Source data
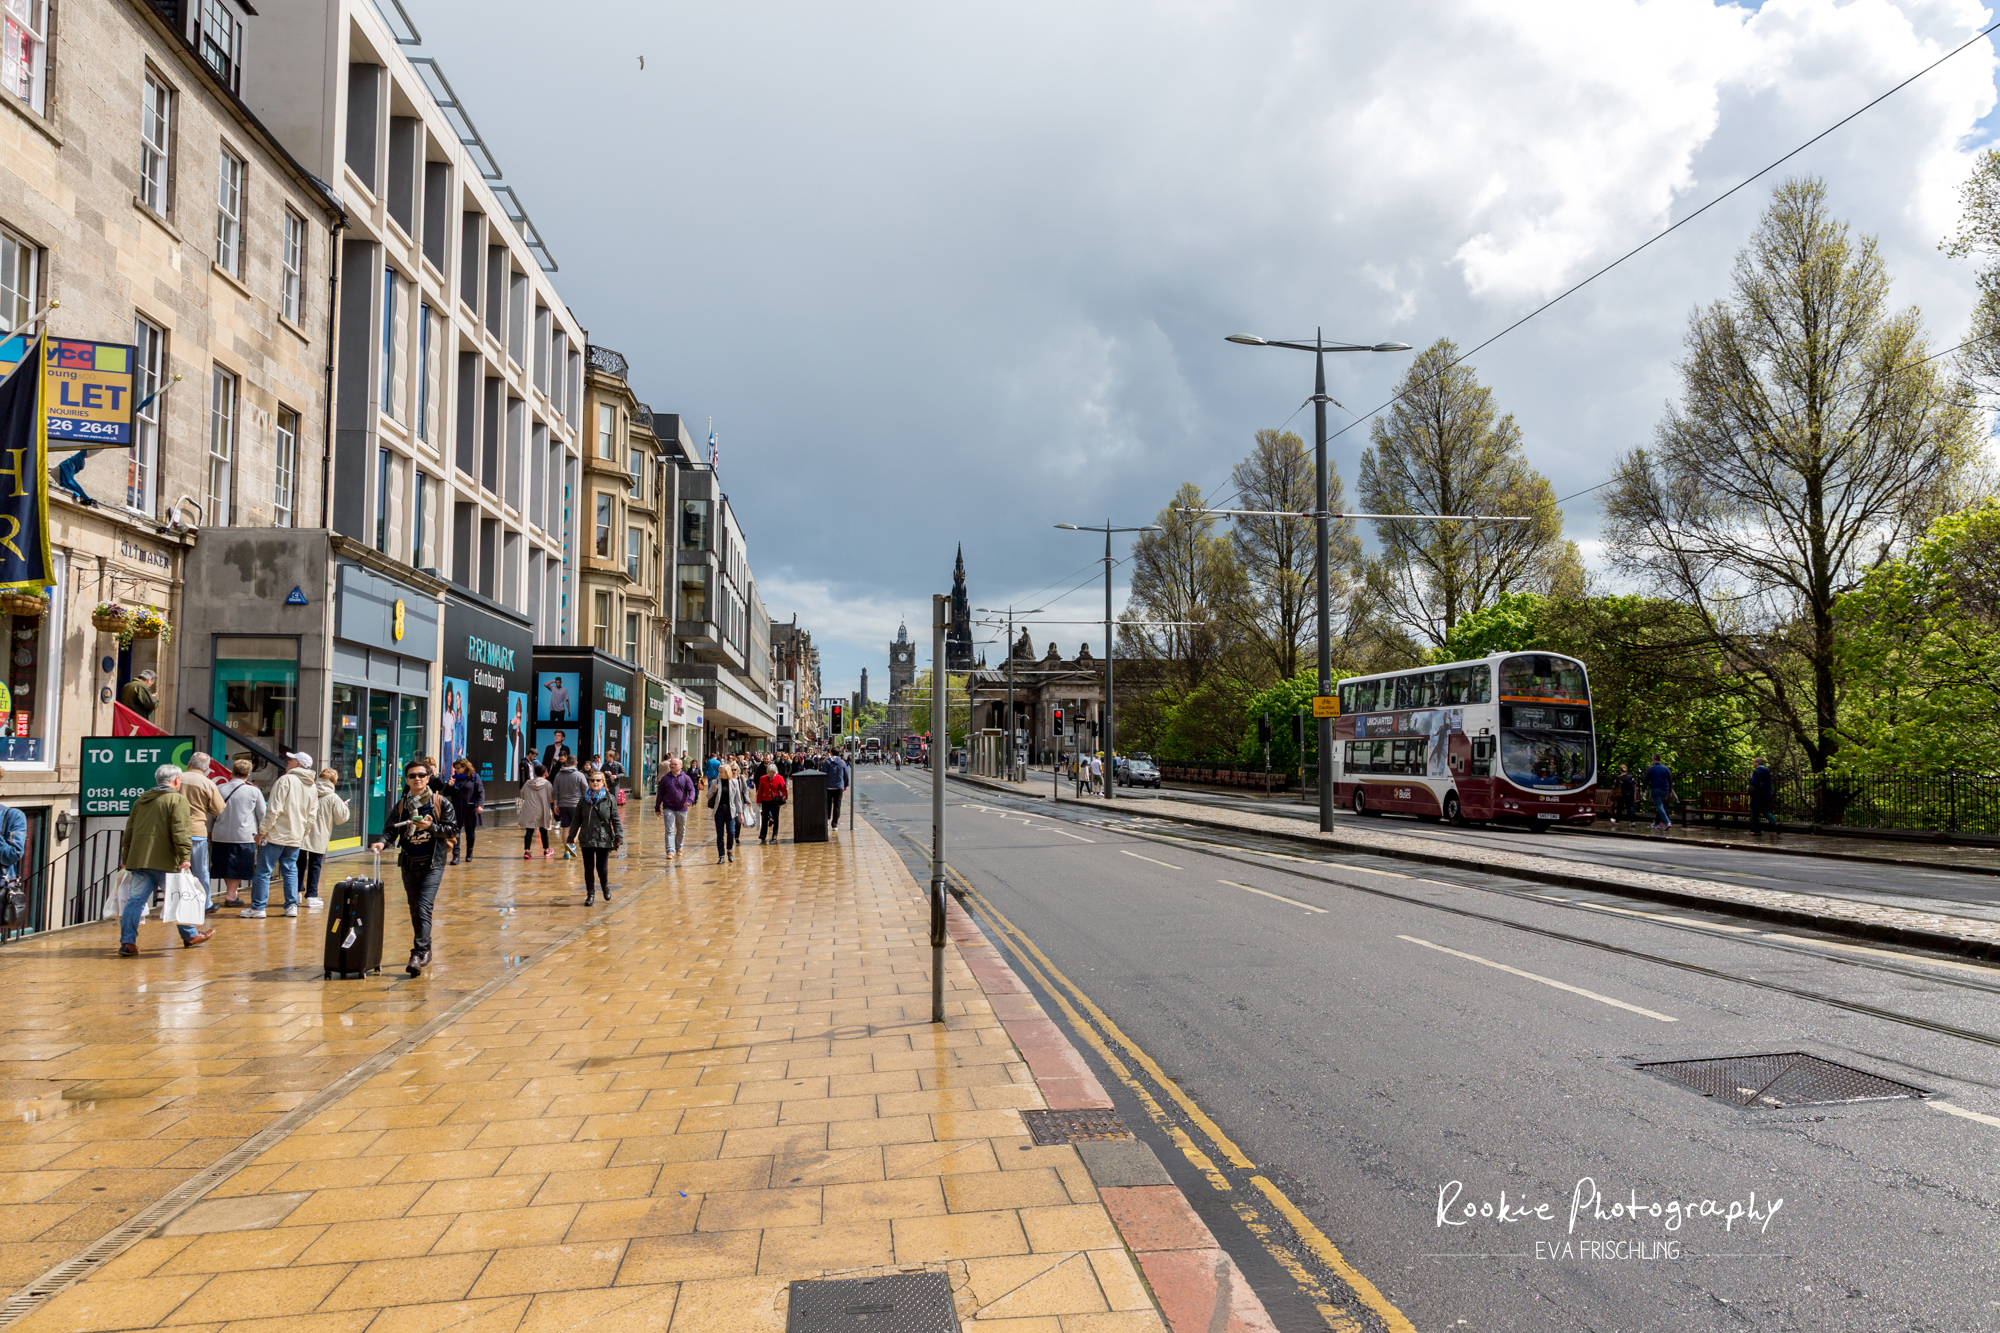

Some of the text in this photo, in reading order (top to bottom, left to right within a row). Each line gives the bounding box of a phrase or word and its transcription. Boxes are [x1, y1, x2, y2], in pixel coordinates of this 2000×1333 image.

[60, 381, 127, 411] LET
[79, 421, 119, 435] 2641
[468, 635, 515, 672] PRIMARK
[474, 668, 505, 693] Edinburgh
[1366, 716, 1394, 727] UNCHARTED
[1516, 720, 1552, 730] East Craigs
[1563, 715, 1574, 726] 31
[88, 749, 162, 764] TO LET
[87, 787, 145, 798] 0131 469
[86, 800, 130, 812] CBRE
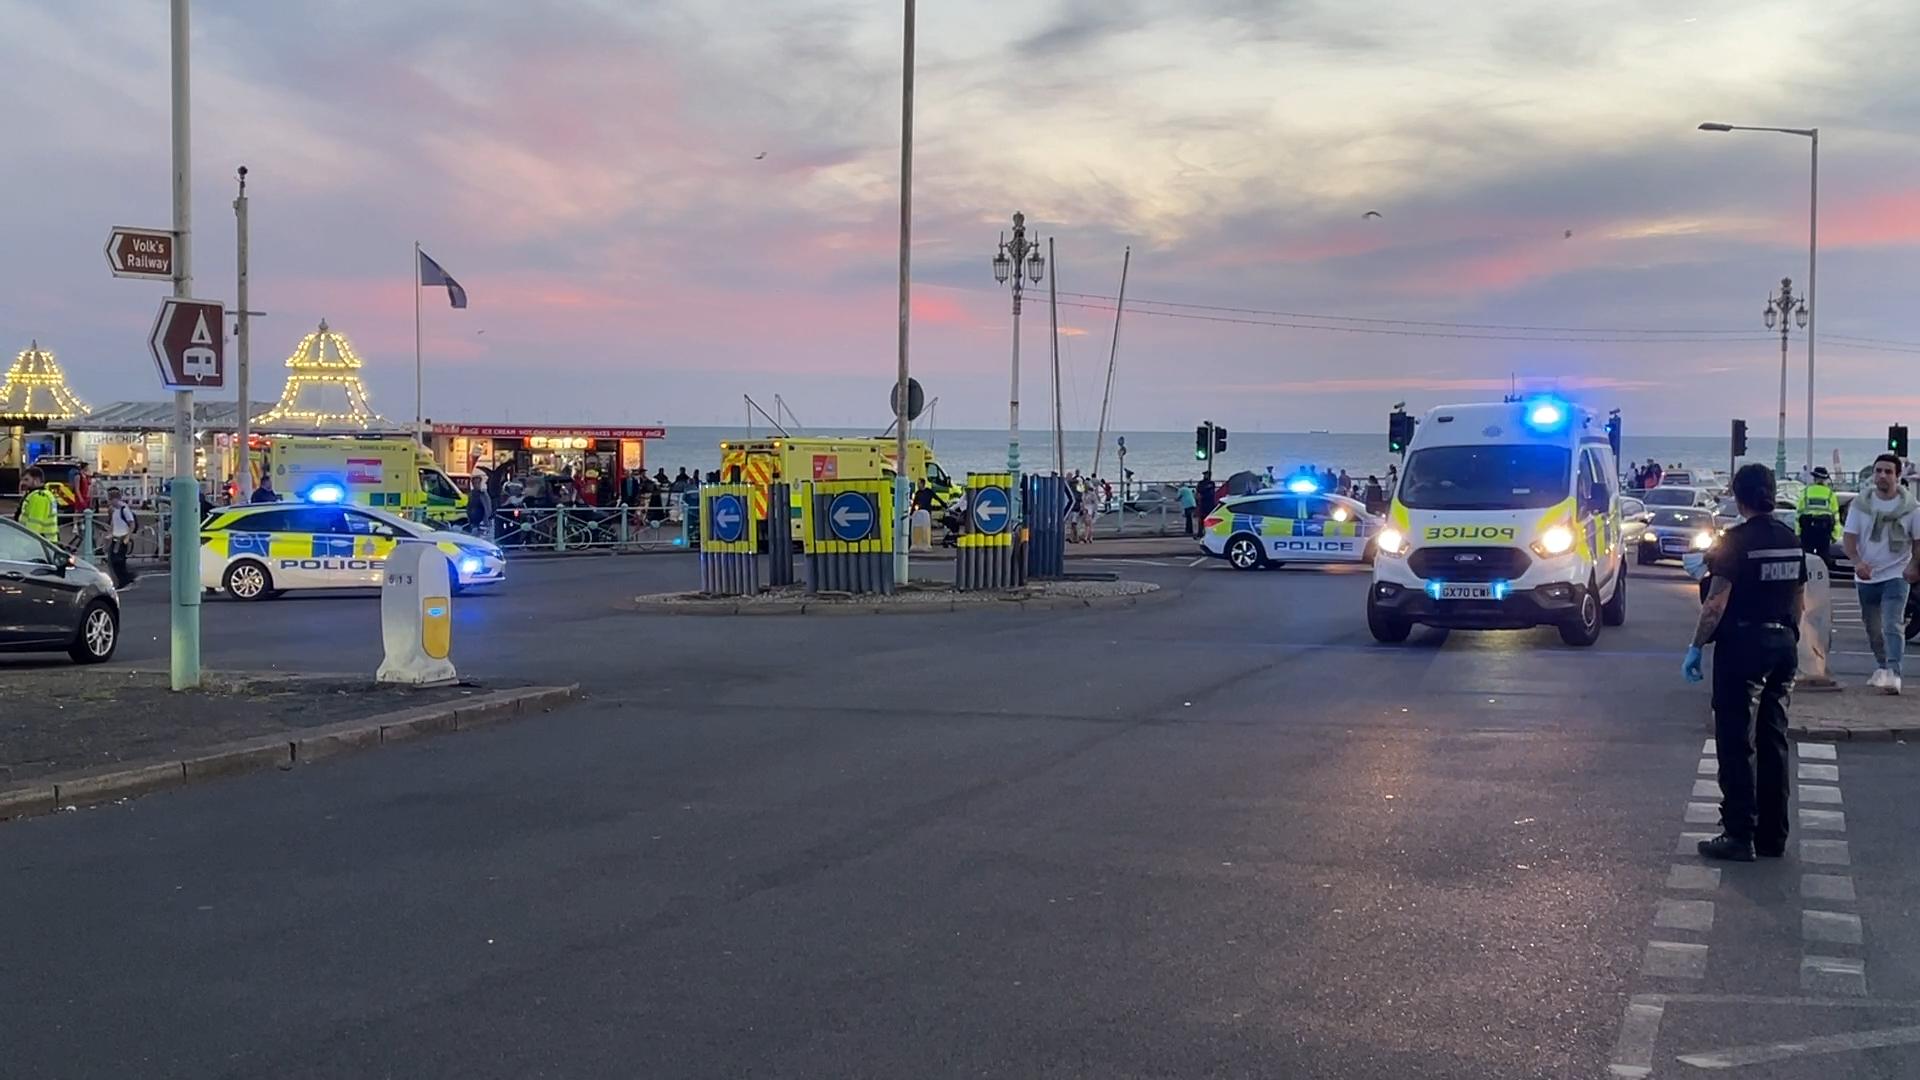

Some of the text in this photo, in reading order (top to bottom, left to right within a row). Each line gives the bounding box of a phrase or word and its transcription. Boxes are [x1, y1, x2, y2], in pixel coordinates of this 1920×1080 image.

*Task brief*. Output the whole of the data, unchanged; keep the pictures out.

*Answer to the problem*.
Some of the text in this photo, in reading order (top to bottom, left to right within a row). Each line gives the bounding box of a phrase or word and its transcription. Boxes are [x1, y1, x2, y2], in pixel coordinates of this 2000×1333 image.

[60, 381, 127, 411] LET
[79, 421, 119, 435] 2641
[468, 635, 515, 672] PRIMARK
[474, 668, 505, 693] Edinburgh
[1366, 716, 1394, 727] UNCHARTED
[1516, 720, 1552, 730] East Craigs
[1563, 715, 1574, 726] 31
[88, 749, 162, 764] TO LET
[87, 787, 145, 798] 0131 469
[86, 800, 130, 812] CBRE

Some of the text in this photo, in reading order (top to bottom, left to right within a row). Each line gives the bounding box of a phrase or word and its transcription. Boxes are [x1, y1, x2, y2], in pixel coordinates of this 1920×1080 image.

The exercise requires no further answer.